TASK DESCRIPTION -> Make an exact copy of the entries below and leave any picture out of it.

EXTRACTED MATERIAL ->

↓

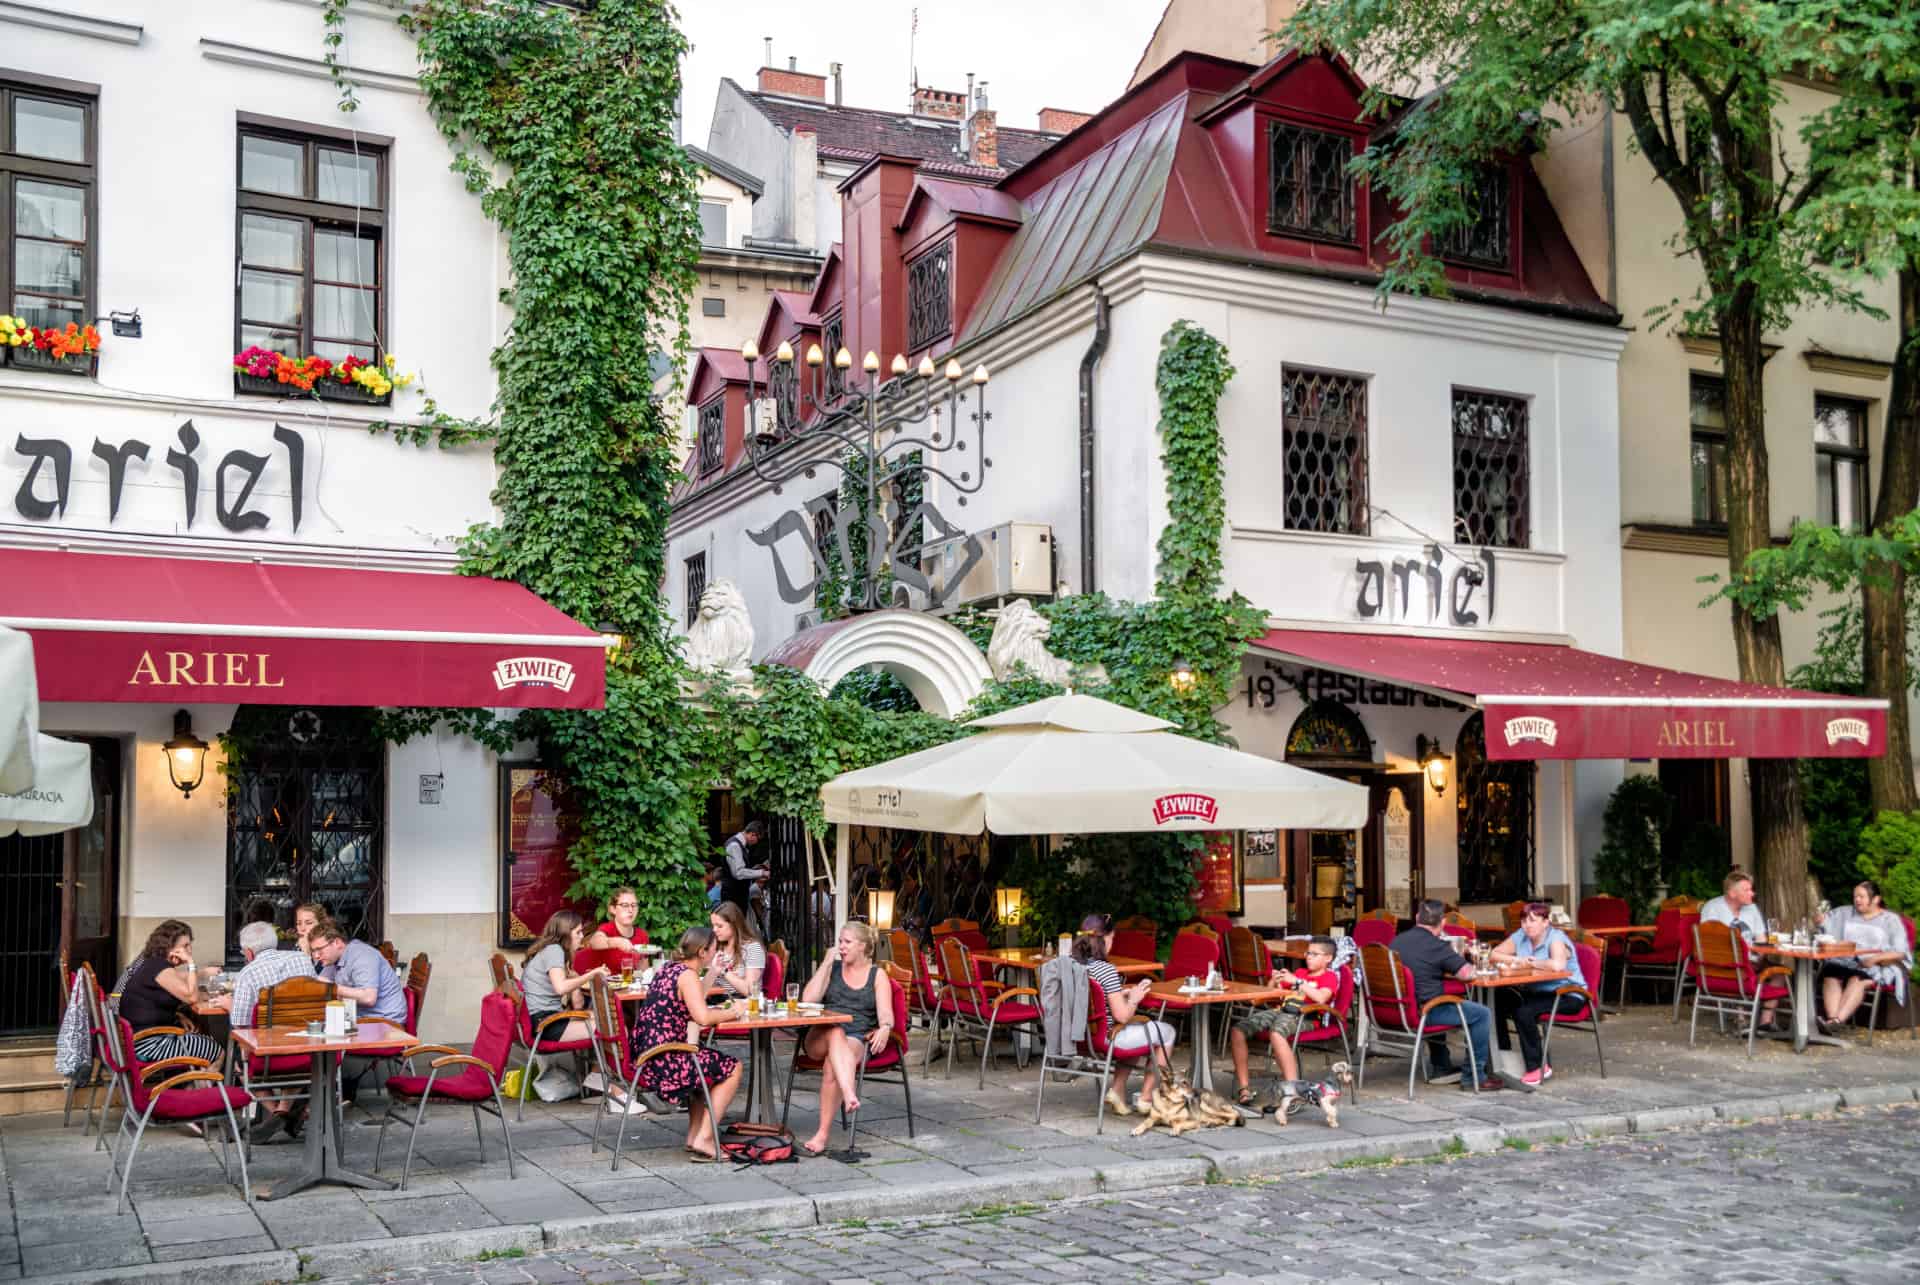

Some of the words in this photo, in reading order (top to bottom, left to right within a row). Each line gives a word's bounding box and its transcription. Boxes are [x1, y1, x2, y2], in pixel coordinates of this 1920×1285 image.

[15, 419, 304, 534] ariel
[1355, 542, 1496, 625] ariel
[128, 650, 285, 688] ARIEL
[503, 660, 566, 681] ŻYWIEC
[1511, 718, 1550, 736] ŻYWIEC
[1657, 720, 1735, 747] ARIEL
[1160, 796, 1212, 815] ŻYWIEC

↑

RESPONSE TO THE TASK ->
Some of the words in this photo, in reading order (top to bottom, left to right within a row). Each line gives a word's bounding box and its transcription. Boxes are [x1, y1, x2, y2], in pixel coordinates of this 1920×1285 image.

[15, 419, 304, 534] ariel
[1355, 542, 1496, 625] ariel
[128, 650, 285, 688] ARIEL
[503, 660, 566, 681] ŻYWIEC
[1511, 718, 1550, 736] ŻYWIEC
[1657, 720, 1735, 747] ARIEL
[1160, 796, 1212, 815] ŻYWIEC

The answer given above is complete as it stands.